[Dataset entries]
┄┄┄┄┄┄
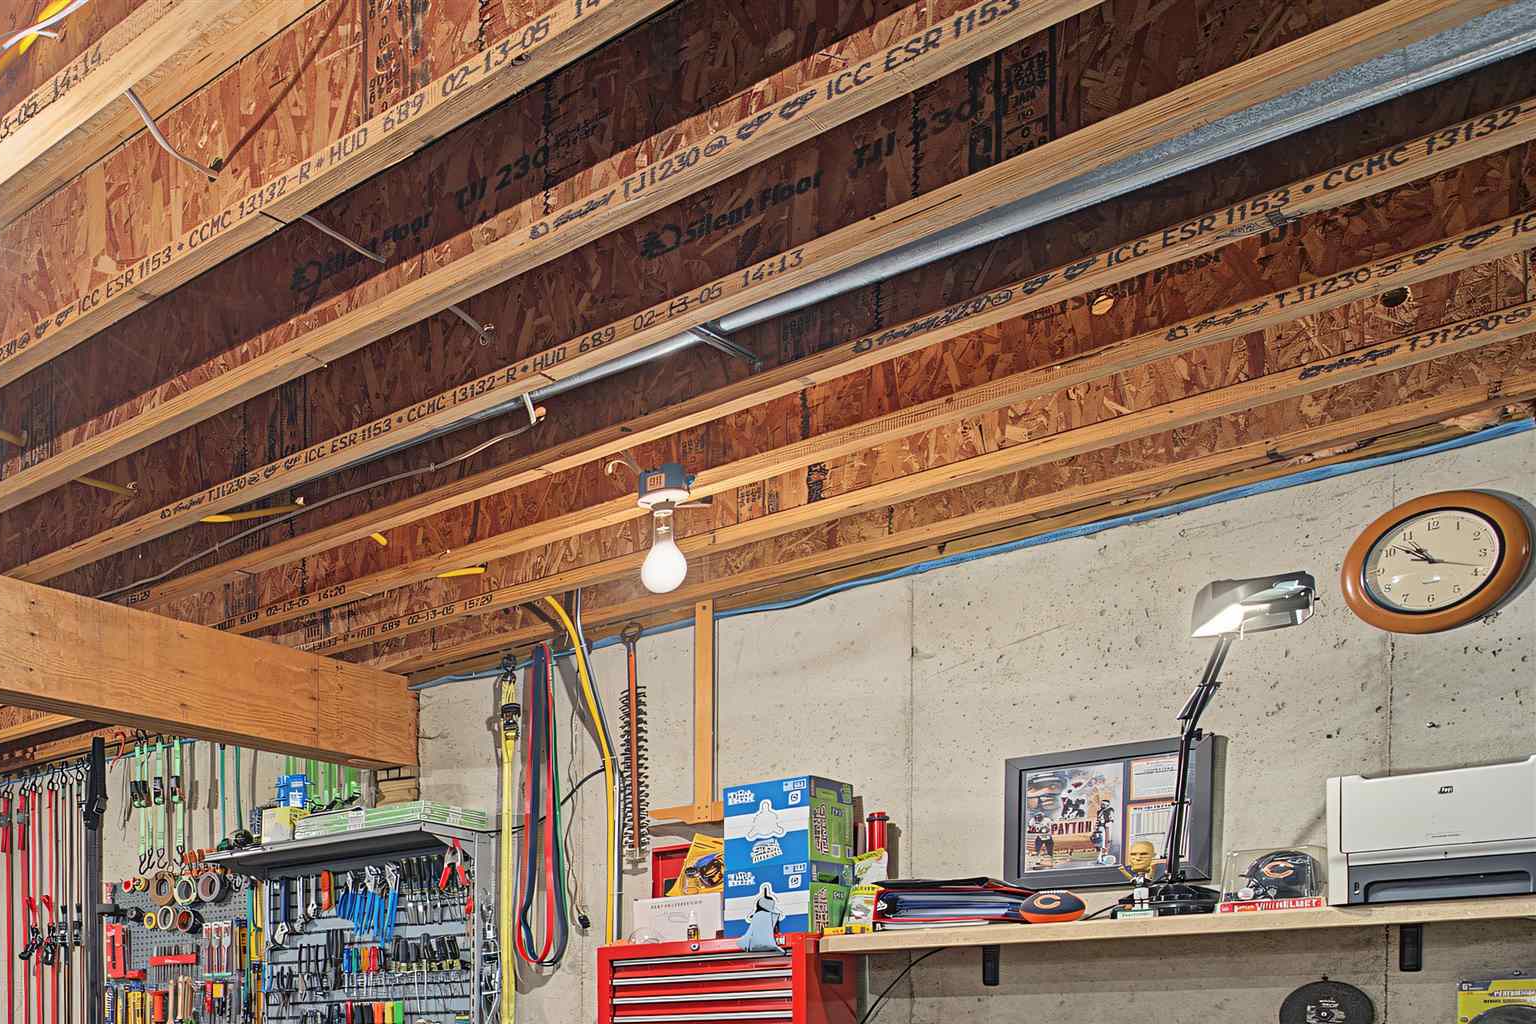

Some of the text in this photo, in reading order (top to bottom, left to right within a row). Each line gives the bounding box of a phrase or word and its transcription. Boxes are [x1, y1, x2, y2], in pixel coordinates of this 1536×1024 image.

[825, 63, 872, 100] ICC
[883, 27, 943, 73] ESR
[1106, 239, 1149, 268] ICC
[1161, 216, 1216, 247] ESR
[1225, 188, 1290, 227] 1153
[78, 290, 100, 315] ICC
[106, 268, 134, 299] ESR
[139, 246, 172, 279] 1153
[188, 209, 232, 248] CCMC
[239, 161, 312, 219] 13132-R
[331, 433, 357, 453] ESR
[451, 367, 517, 405] 13132-R
[1427, 520, 1440, 532] 12
[1456, 520, 1461, 531] 1
[1402, 530, 1414, 542] 11
[1383, 548, 1397, 558] 10
[1051, 821, 1092, 835] PAYTON
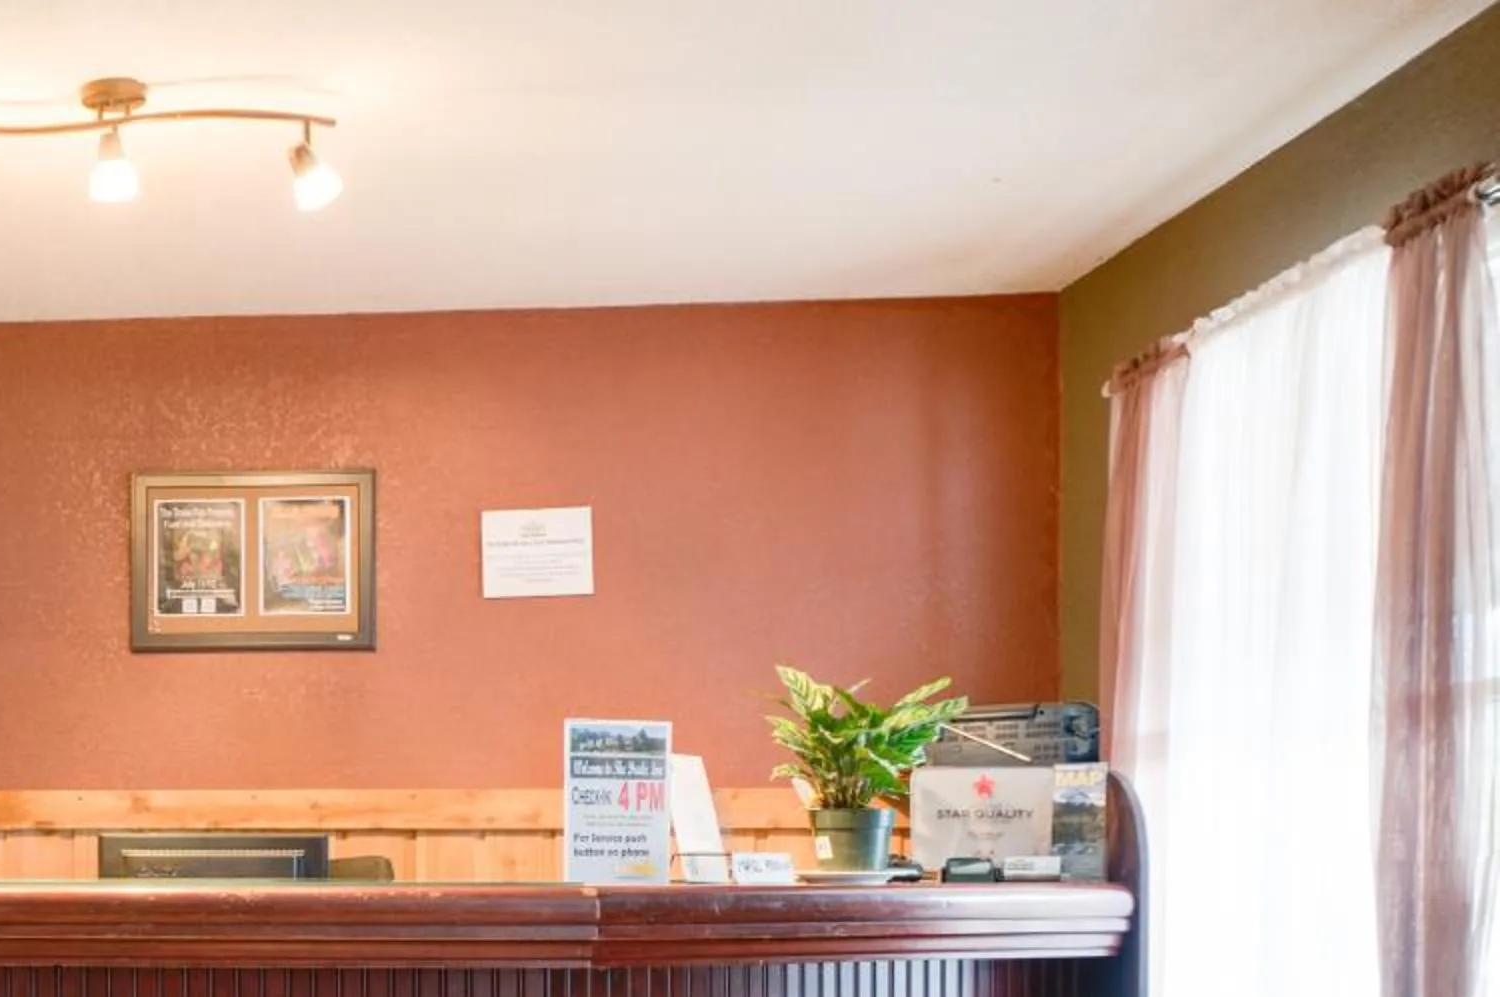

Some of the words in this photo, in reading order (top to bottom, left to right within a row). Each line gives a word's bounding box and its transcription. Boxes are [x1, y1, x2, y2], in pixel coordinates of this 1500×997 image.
┄┄┄┄┄┄
▶ _Prompt_
Each line above is to be transcribed exactly, though its pictures are not.

▶ _Exercise response_
Some of the text in this photo, in reading order (top to bottom, left to right within a row). Each line gives the bounding box of a phrase or word and its transcription. Boxes are [x1, y1, x2, y2], in pixel coordinates of this 1536×1024 image.

[825, 63, 872, 100] ICC
[883, 27, 943, 73] ESR
[1106, 239, 1149, 268] ICC
[1161, 216, 1216, 247] ESR
[1225, 188, 1290, 227] 1153
[78, 290, 100, 315] ICC
[106, 268, 134, 299] ESR
[139, 246, 172, 279] 1153
[188, 209, 232, 248] CCMC
[239, 161, 312, 219] 13132-R
[331, 433, 357, 453] ESR
[451, 367, 517, 405] 13132-R
[1427, 520, 1440, 532] 12
[1456, 520, 1461, 531] 1
[1402, 530, 1414, 542] 11
[1383, 548, 1397, 558] 10
[1051, 821, 1092, 835] PAYTON

Some of the words in this photo, in reading order (top to bottom, left to right within a row). Each line gives a word's bounding box and its transcription. Boxes are [x1, y1, x2, y2], in pixel coordinates of this 1500×997 image.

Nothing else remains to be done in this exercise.